◆ **Dataset excerpts**:
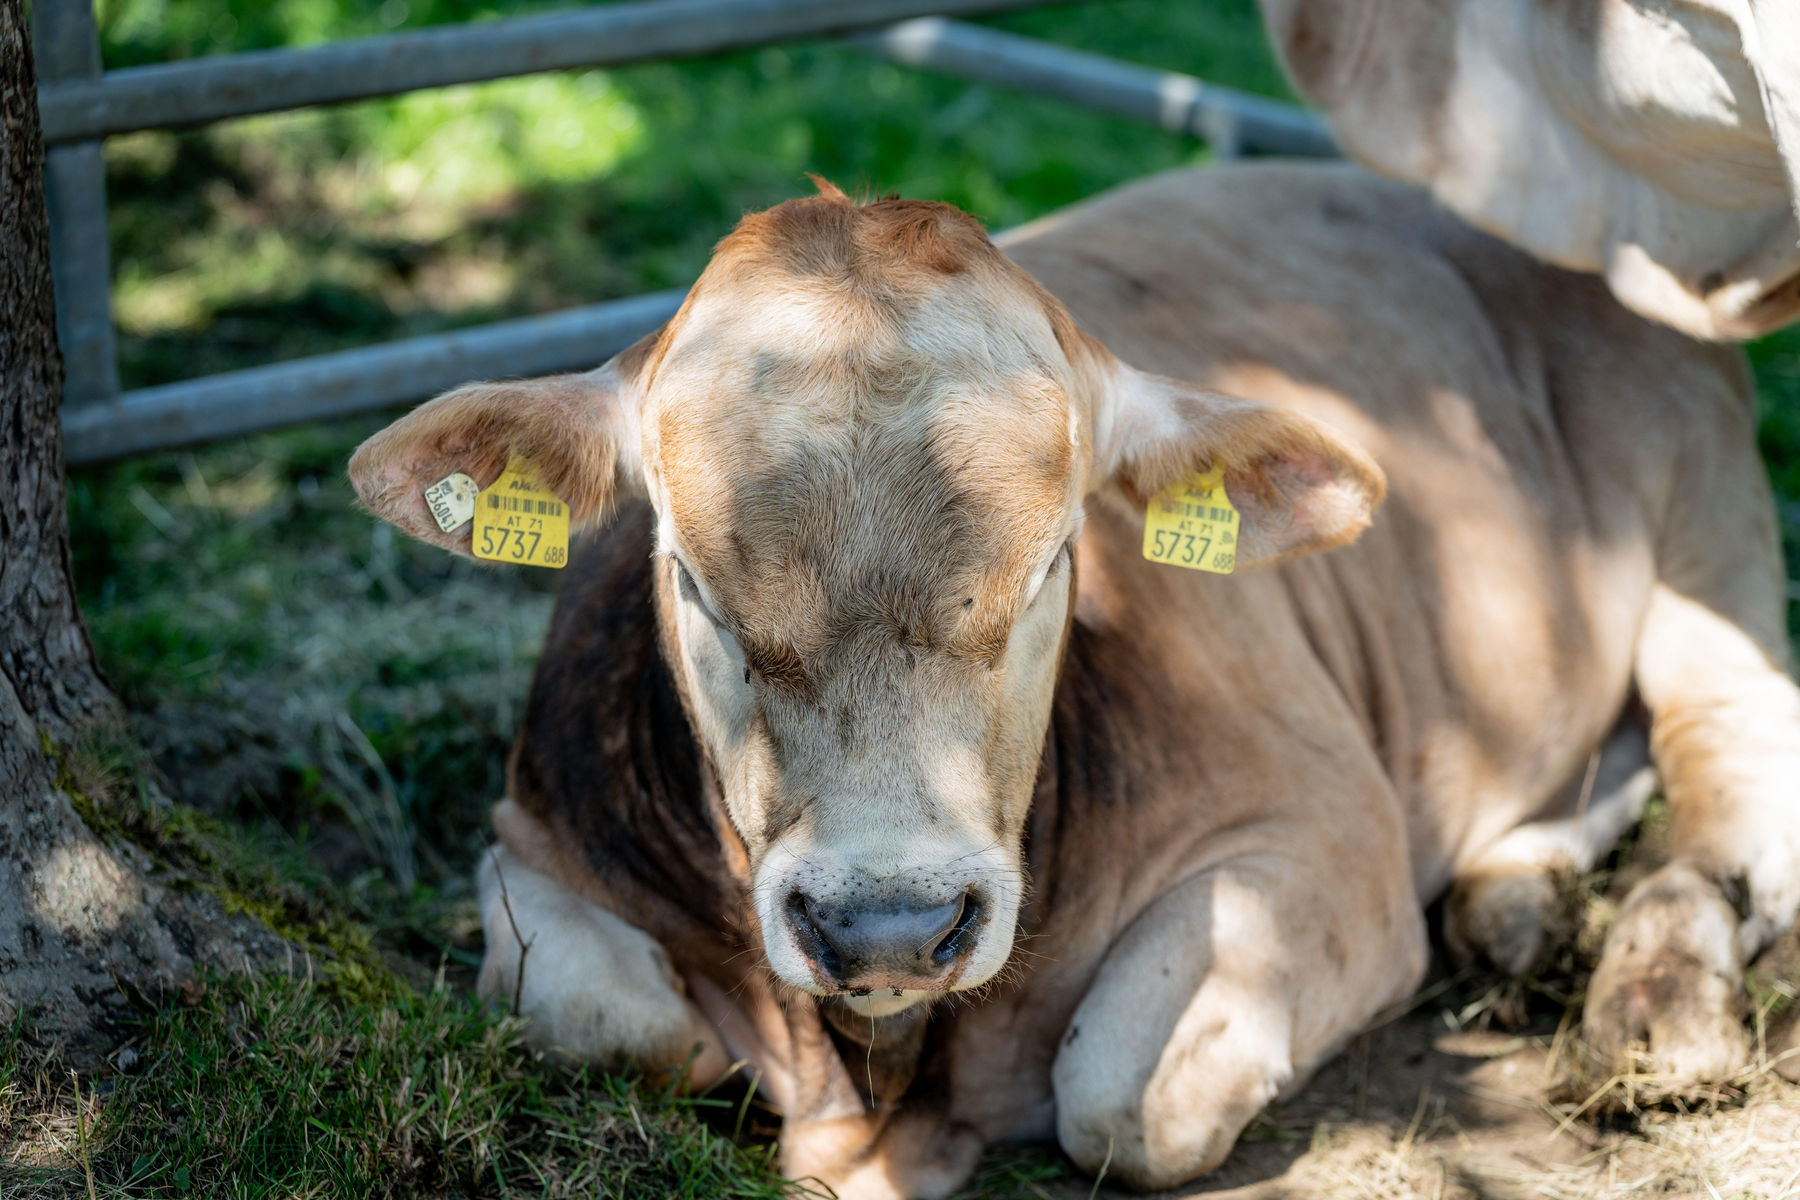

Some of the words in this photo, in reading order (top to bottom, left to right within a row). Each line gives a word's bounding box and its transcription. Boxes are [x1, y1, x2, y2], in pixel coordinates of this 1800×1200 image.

[426, 487, 456, 532] 236041
[507, 516, 521, 527] AT
[529, 518, 543, 530] 71
[1179, 521, 1192, 531] AT
[1200, 523, 1214, 536] 71
[480, 525, 542, 561] 5737
[544, 546, 565, 565] 688
[1152, 529, 1212, 565] 5737
[1212, 552, 1234, 570] 688
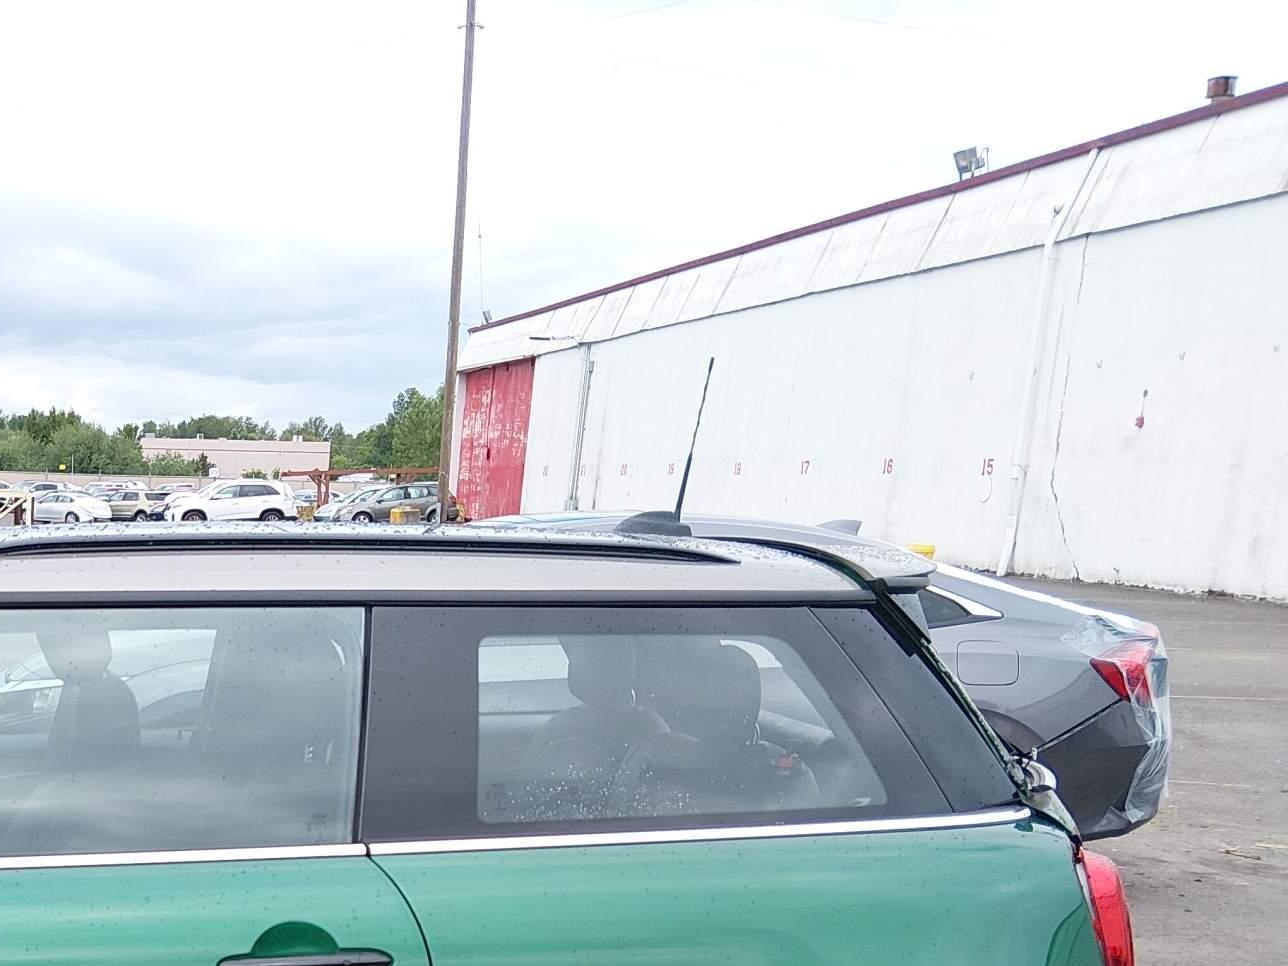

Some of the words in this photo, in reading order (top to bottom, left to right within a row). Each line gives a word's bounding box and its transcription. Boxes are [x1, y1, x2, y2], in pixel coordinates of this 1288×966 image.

[667, 463, 675, 475] 19
[733, 462, 741, 476] 18
[800, 460, 810, 475] 17
[882, 458, 893, 474] 16
[981, 458, 994, 476] 15

◆ **What is needed**:
Each line from the line holding "this 1288×966 image." through the end of the material above is to be printed exactly, both ends included, and no other line is to appear.

◆ **Exercise response**:
Some of the words in this photo, in reading order (top to bottom, left to right within a row). Each line gives a word's bounding box and its transcription. Boxes are [x1, y1, x2, y2], in pixel coordinates of this 1288×966 image.

[667, 463, 675, 475] 19
[733, 462, 741, 476] 18
[800, 460, 810, 475] 17
[882, 458, 893, 474] 16
[981, 458, 994, 476] 15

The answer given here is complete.